Input:
....

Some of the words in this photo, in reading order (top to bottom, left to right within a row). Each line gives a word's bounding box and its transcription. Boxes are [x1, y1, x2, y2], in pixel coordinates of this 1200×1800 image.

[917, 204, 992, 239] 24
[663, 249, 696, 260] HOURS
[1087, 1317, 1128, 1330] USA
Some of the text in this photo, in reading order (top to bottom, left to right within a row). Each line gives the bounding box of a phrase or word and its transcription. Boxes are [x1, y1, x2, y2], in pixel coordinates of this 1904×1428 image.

....

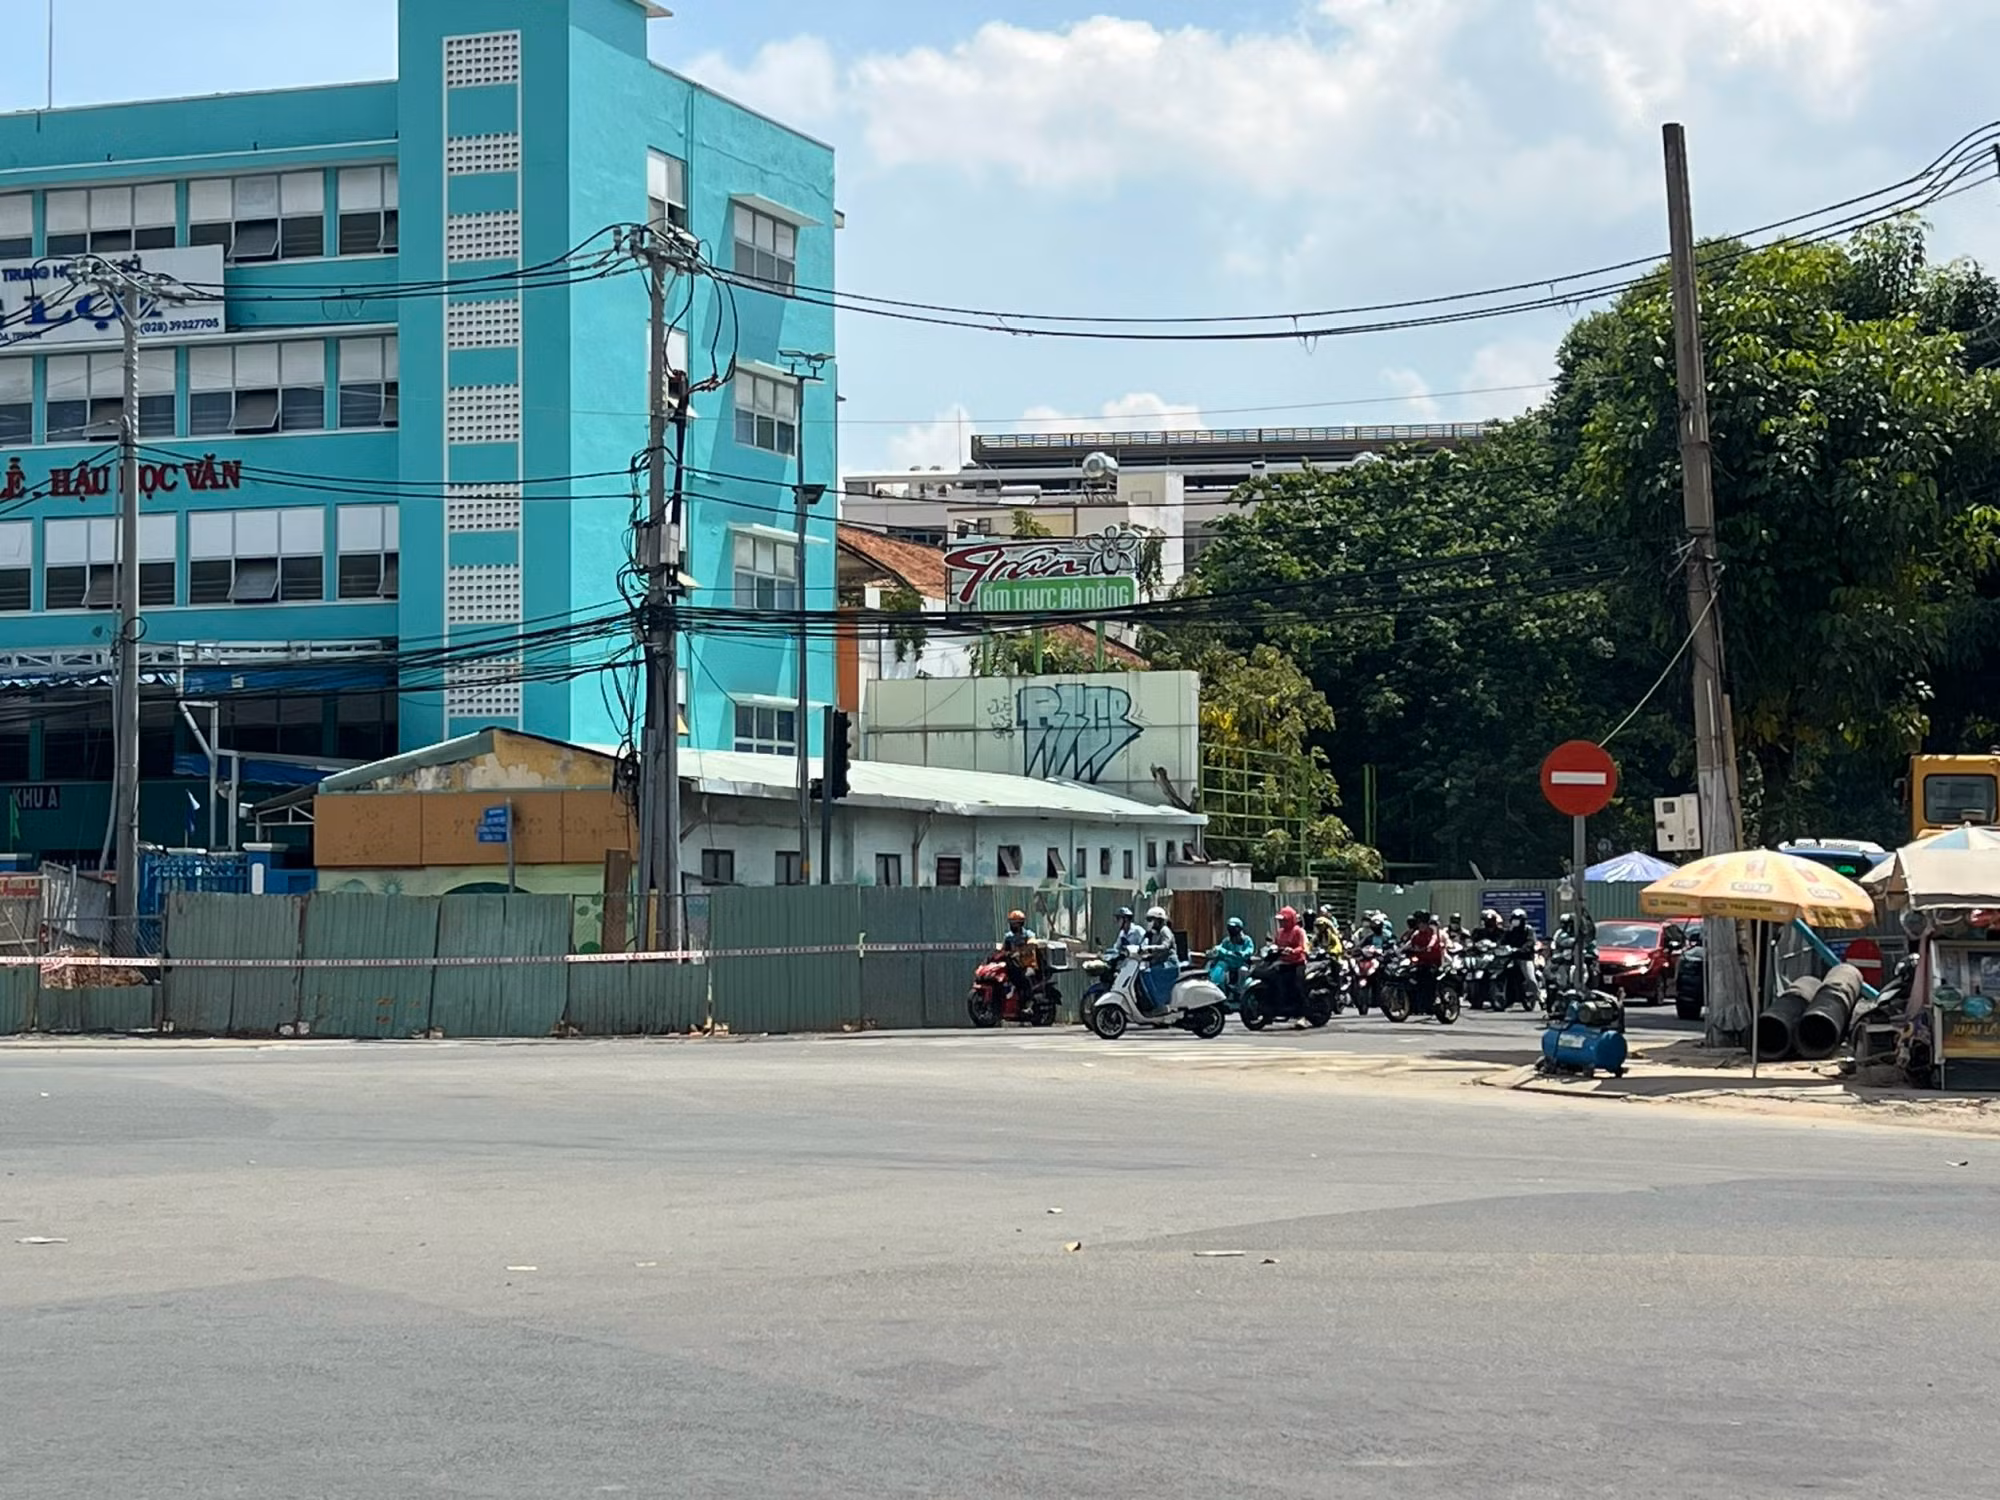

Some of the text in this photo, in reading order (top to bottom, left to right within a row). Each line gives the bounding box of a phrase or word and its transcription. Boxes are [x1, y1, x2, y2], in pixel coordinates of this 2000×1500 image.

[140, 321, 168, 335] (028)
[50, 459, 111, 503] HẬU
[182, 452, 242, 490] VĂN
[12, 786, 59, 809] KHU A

....

Your assignment: Within the material above, transcribe exactly the lines that run from the line holding "Some of the words" through the line holding "this 1904×1428 image.".

Solved exercise:
Some of the words in this photo, in reading order (top to bottom, left to right within a row). Each line gives a word's bounding box and its transcription. Boxes are [x1, y1, x2, y2], in pixel coordinates of this 1200×1800 image.

[917, 204, 992, 239] 24
[663, 249, 696, 260] HOURS
[1087, 1317, 1128, 1330] USA
Some of the text in this photo, in reading order (top to bottom, left to right within a row). Each line gives the bounding box of a phrase or word and its transcription. Boxes are [x1, y1, x2, y2], in pixel coordinates of this 1904×1428 image.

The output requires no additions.